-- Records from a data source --
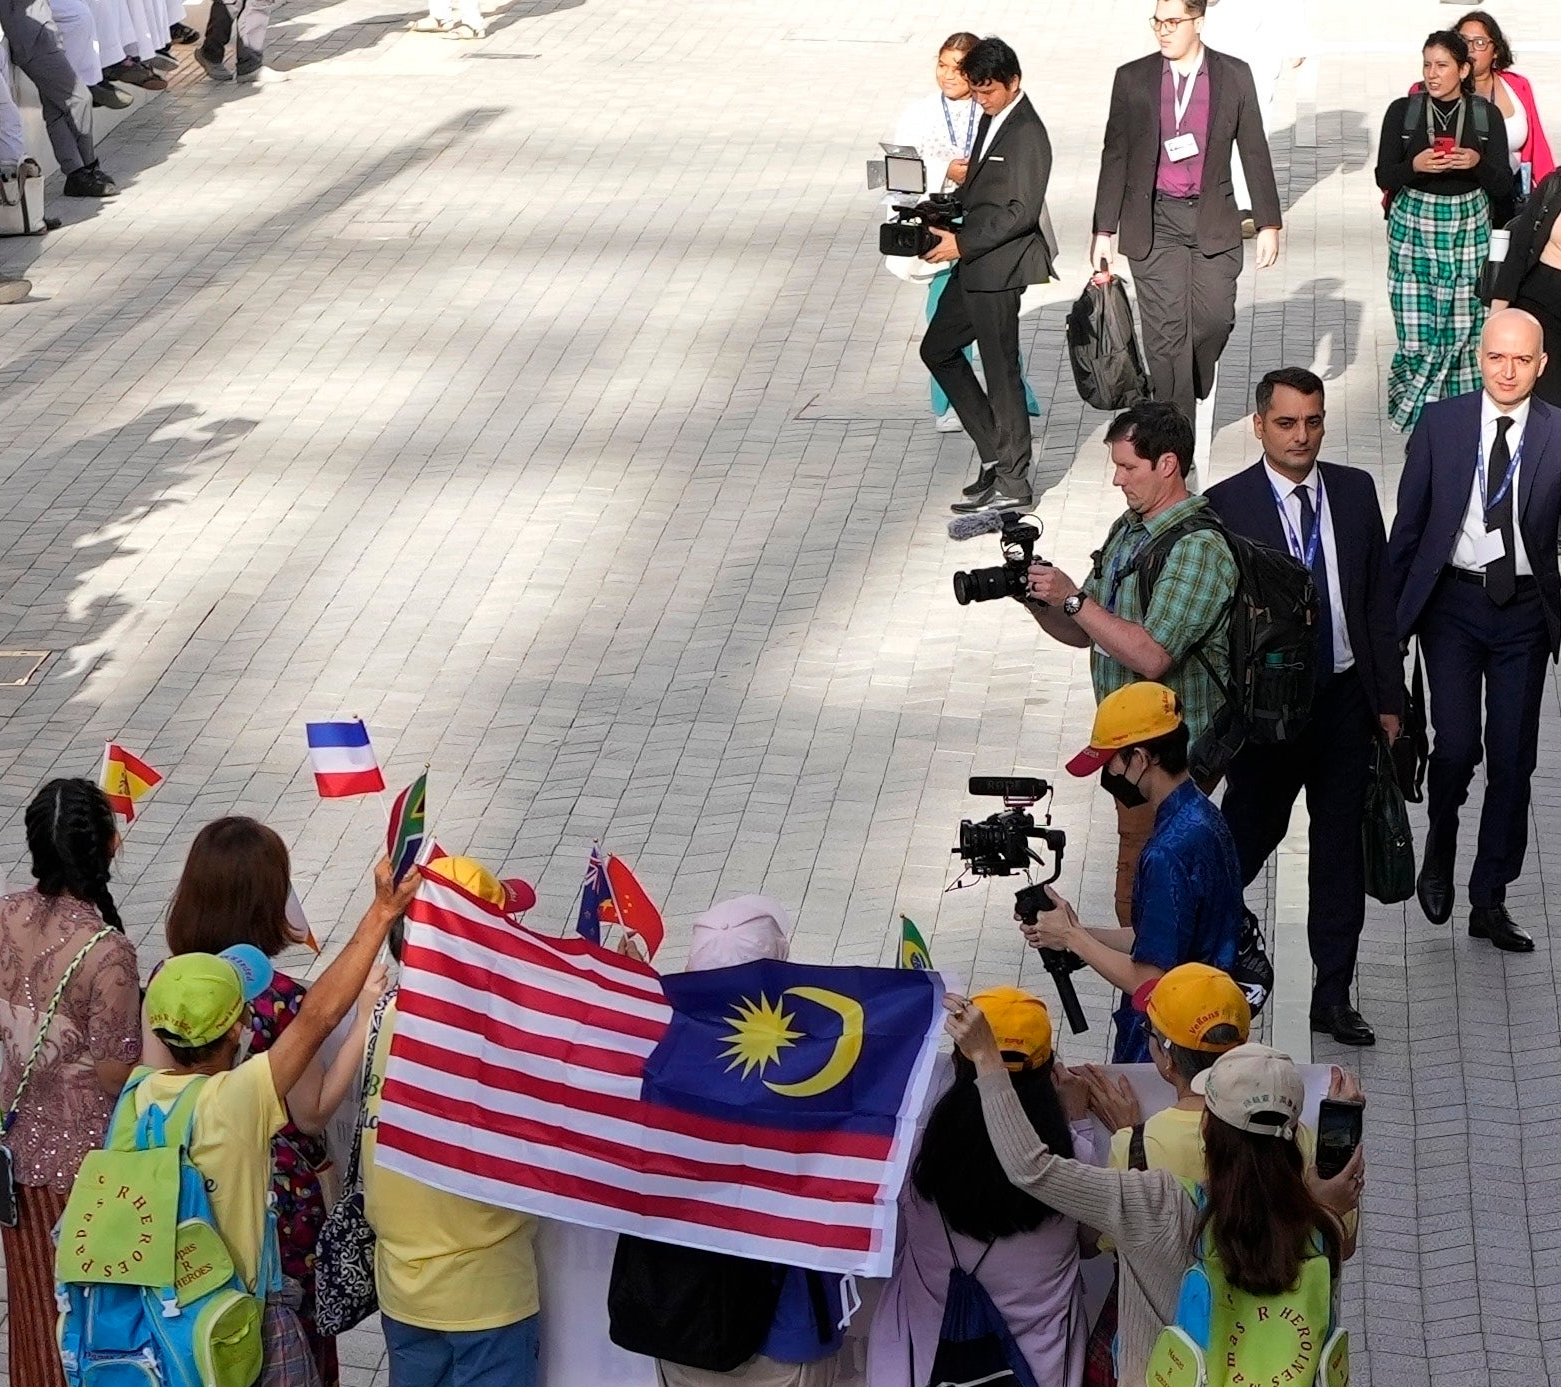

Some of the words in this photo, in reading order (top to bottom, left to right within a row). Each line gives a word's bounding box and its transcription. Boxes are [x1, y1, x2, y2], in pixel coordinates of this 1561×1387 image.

[116, 1185, 130, 1200] R
[103, 1195, 153, 1278] HEROES
[182, 1260, 193, 1273] R
[1257, 1306, 1270, 1322] R
[1271, 1306, 1313, 1387] HEROINES
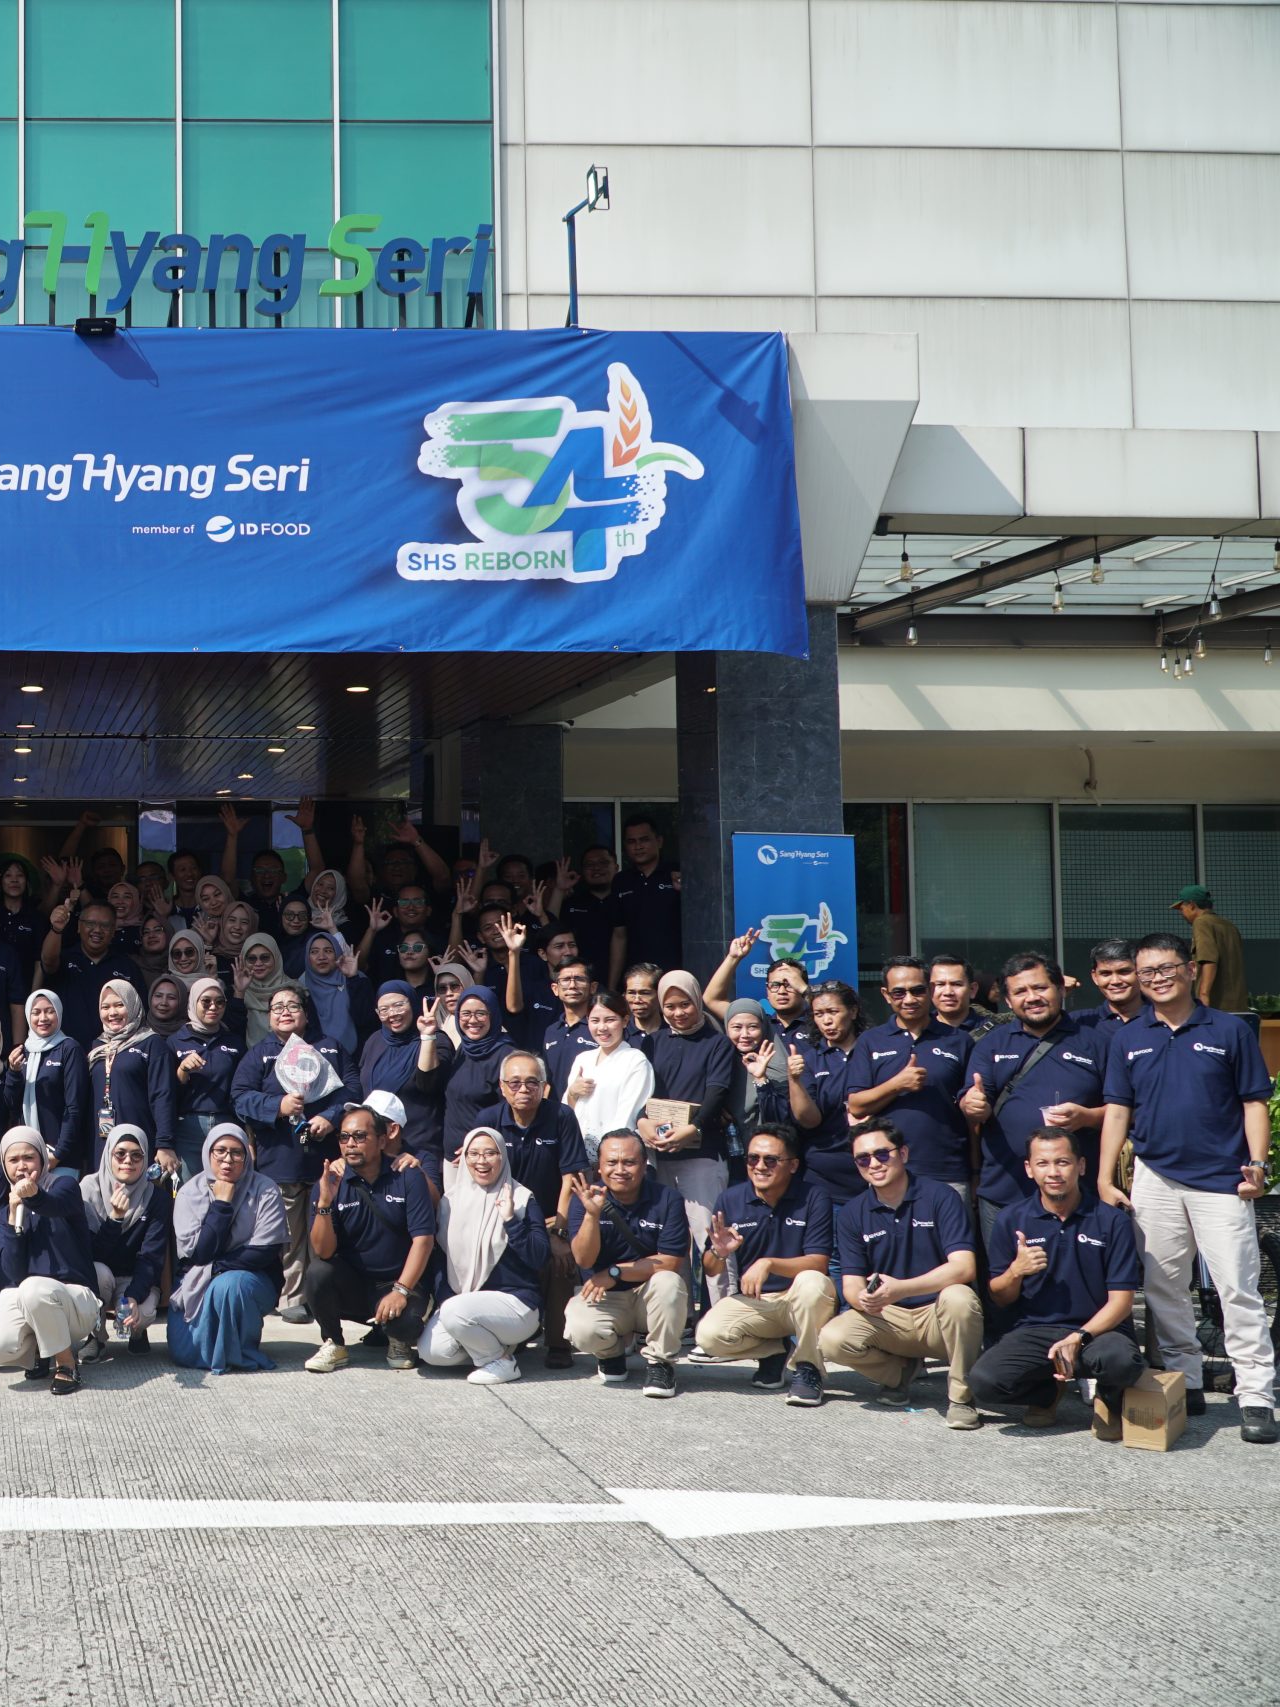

-- Problem to solve --
An exact copy of all the lines above is required, with the pictures removed.

-- Solution to this problem --
Some of the words in this photo, in reading order (top to bottom, left to right within a row). Each line gives a word's bounding box and its transcription. Boxes are [x1, y1, x2, y2], in pixel coordinates of this 1561×1387 image.

[116, 1185, 130, 1200] R
[103, 1195, 153, 1278] HEROES
[182, 1260, 193, 1273] R
[1257, 1306, 1270, 1322] R
[1271, 1306, 1313, 1387] HEROINES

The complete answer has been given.